I had a smoked coley stew with chips yesterday. Very nice. My favourite fish dish is probably simple, grilled mackerel


Grilled mackerel with potato and onion mustard
http://www.bbc.co.uk/food/recipes/database/grilledmackerelwithp_73663.shtml

Wagamama's on Cork's North Main Street is alright, but every stock with the noodles I've tried seems overly salted. Apart from that it's good value and you can't beat a bit of noodly slurping with a rumbling hungry stomach on ya!

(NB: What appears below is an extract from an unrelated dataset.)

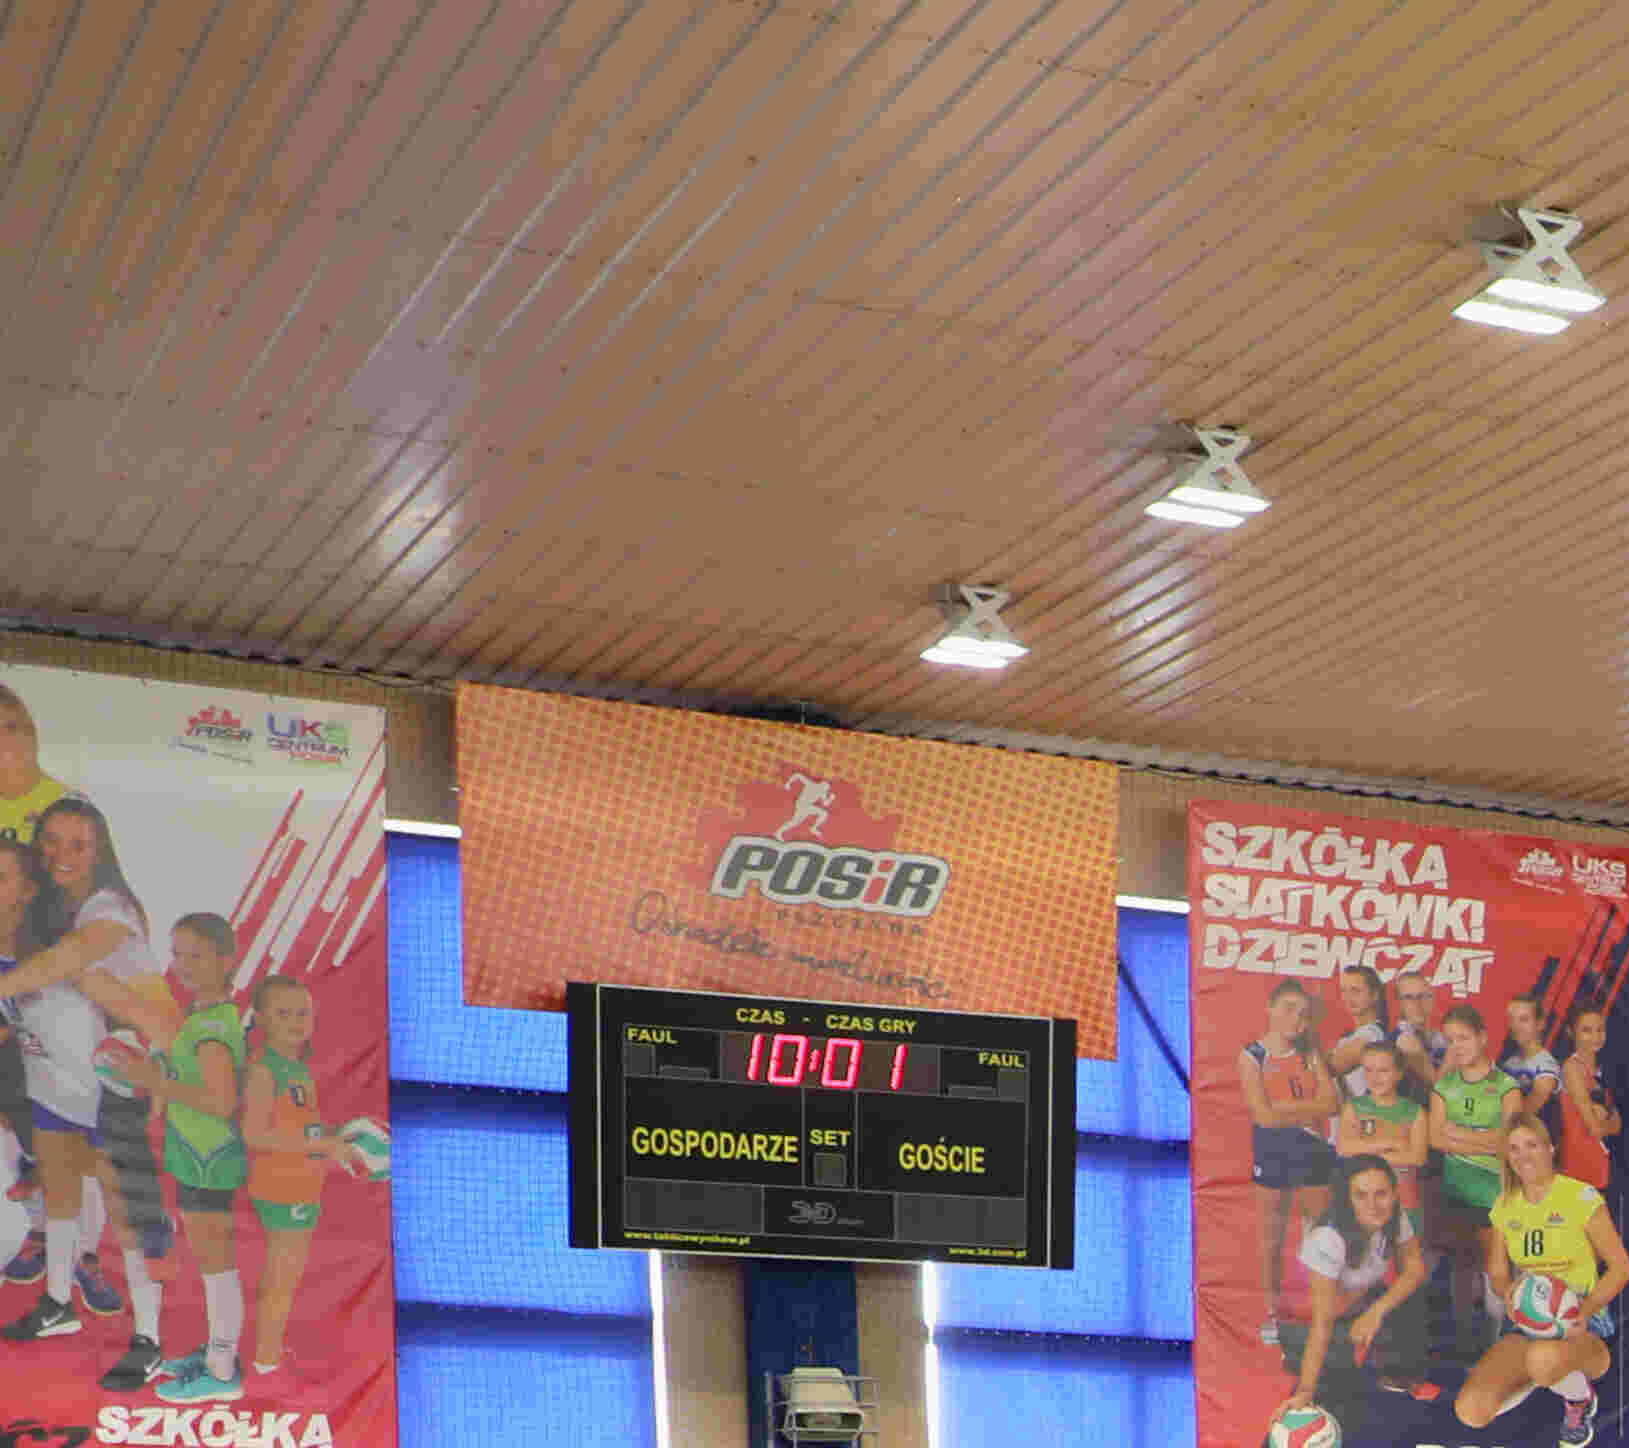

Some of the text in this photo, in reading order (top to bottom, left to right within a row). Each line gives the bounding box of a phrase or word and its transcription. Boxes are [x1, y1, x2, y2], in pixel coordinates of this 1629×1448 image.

also, farmed fish (Tilapia specifically) could be the most efficient method of producing 'meat'/fish from grain. see Monbiot below on about

The Pleasures of the Flesh


http://www.monbiot.com/archives/2008/04/15/the-pleasures-of-the-flesh/

Quote :

....For both environmental and humanitarian reasons, beef is out. Pigs and
chickens feed more efficiently, but unless they are free range you
encounter another ethical issue: the monstrous conditions in which they
are kept. I would like to encourage people to start eating tilapia
instead of meat. It’s a freshwater fish which can be raised entirely on
vegetable matter and has the best conversion efficiency - about 1.6kg
of feed for 1kg of meat - of any farmed animal(17). Until meat can be
grown in flasks, this is about as close as we are likely to come to
sustainable flesh-eating.....

...17. The FAO (ibid) gives 1.6-1.8. On April 12th, I spoke to Francis
Murray of the Institute of Aquaculture, University of Stirling, who
suggested 1.5.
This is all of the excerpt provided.